■ **Exercise directions**:
The entries must be set down again word for word; no pictures belong in the copy.

Annotated photo localization data:

○ ○ ○ ○

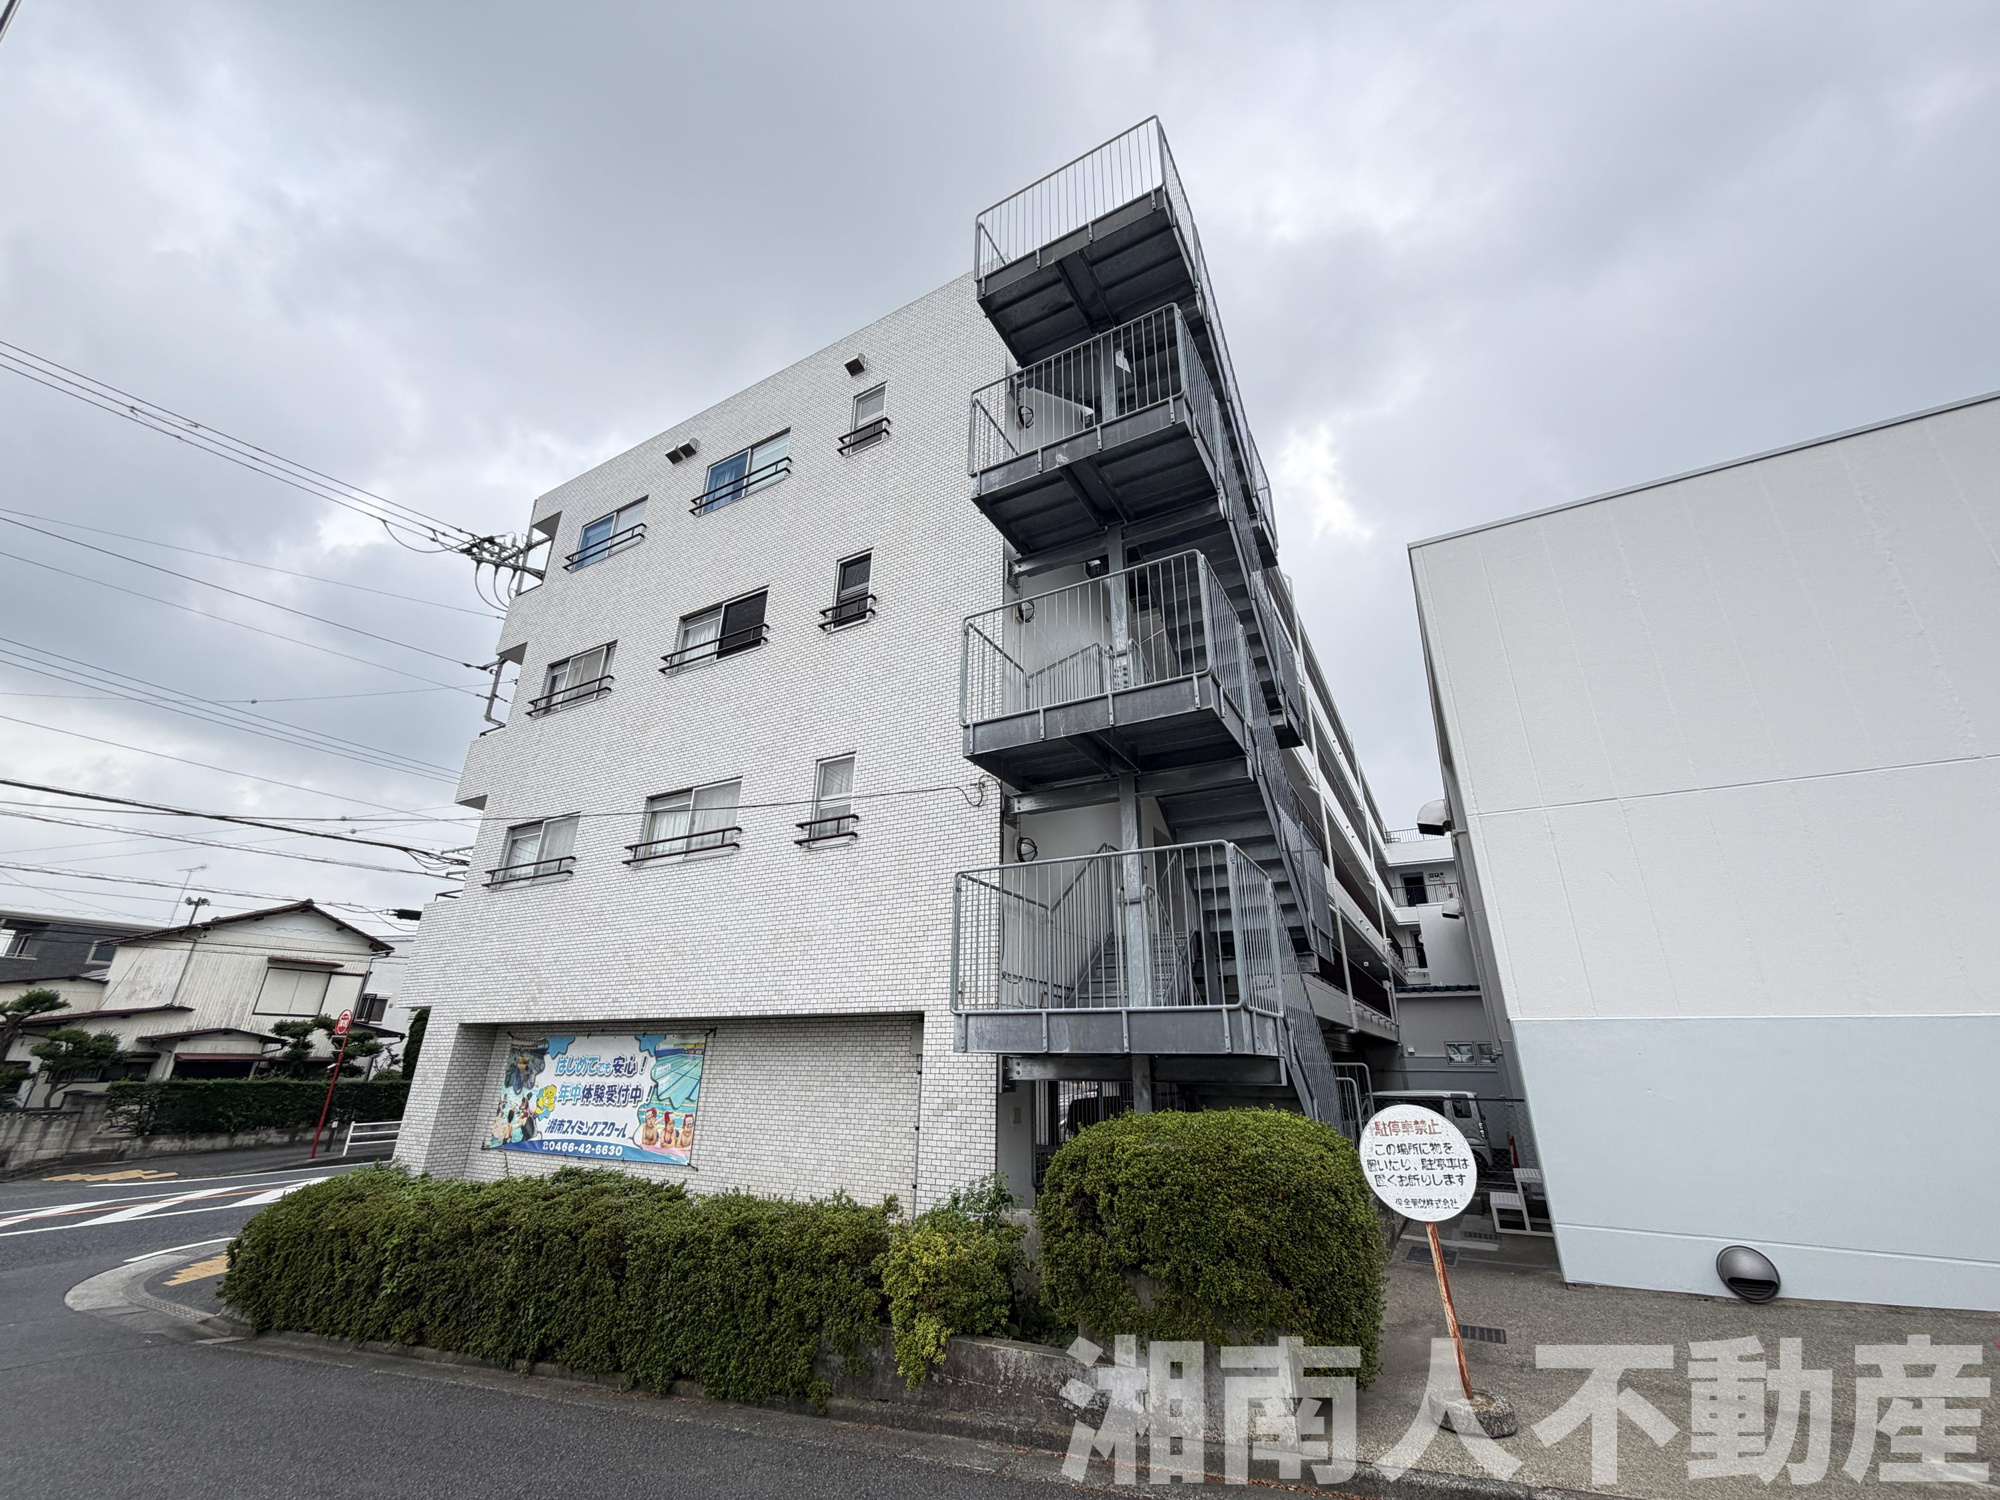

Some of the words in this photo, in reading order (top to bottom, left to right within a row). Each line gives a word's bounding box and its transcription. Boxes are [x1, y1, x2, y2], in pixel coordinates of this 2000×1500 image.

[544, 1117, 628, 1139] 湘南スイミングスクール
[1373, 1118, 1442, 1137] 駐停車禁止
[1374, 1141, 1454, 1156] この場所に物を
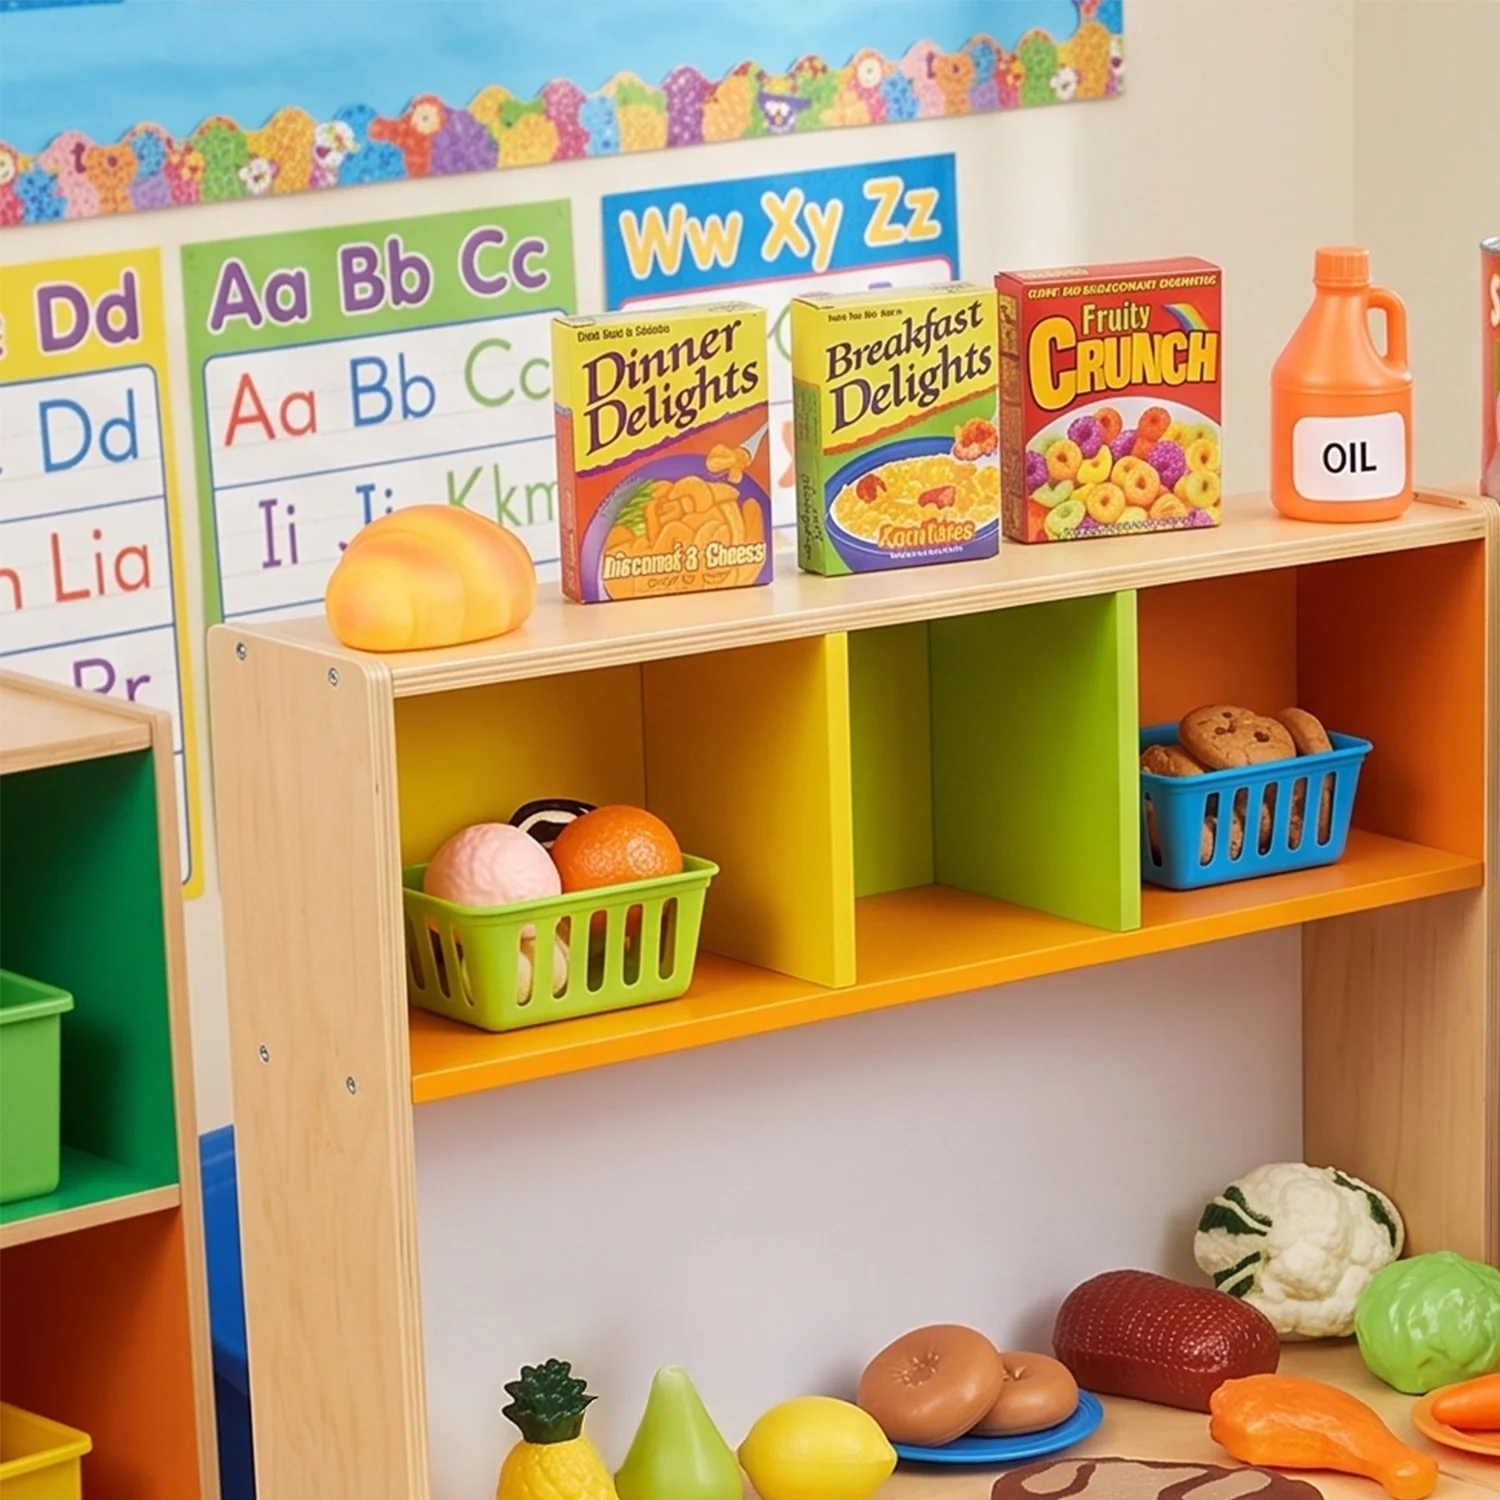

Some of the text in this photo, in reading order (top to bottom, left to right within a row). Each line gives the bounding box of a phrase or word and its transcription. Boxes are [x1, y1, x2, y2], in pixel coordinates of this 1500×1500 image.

○ ○ ○ ○

■ **Written solution**:
Some of the words in this photo, in reading order (top to bottom, left to right within a row). Each line gives a word's bounding box and its transcription. Boxes are [x1, y1, x2, y2], in pixel coordinates of this 2000×1500 image.

[544, 1117, 628, 1139] 湘南スイミングスクール
[1373, 1118, 1442, 1137] 駐停車禁止
[1374, 1141, 1454, 1156] この場所に物を

Some of the text in this photo, in reading order (top to bottom, left to right within a row). Each line gives the bounding box of a phrase or word and its transcription. Boxes are [x1, y1, x2, y2], in pixel coordinates of this 1500×1500 image.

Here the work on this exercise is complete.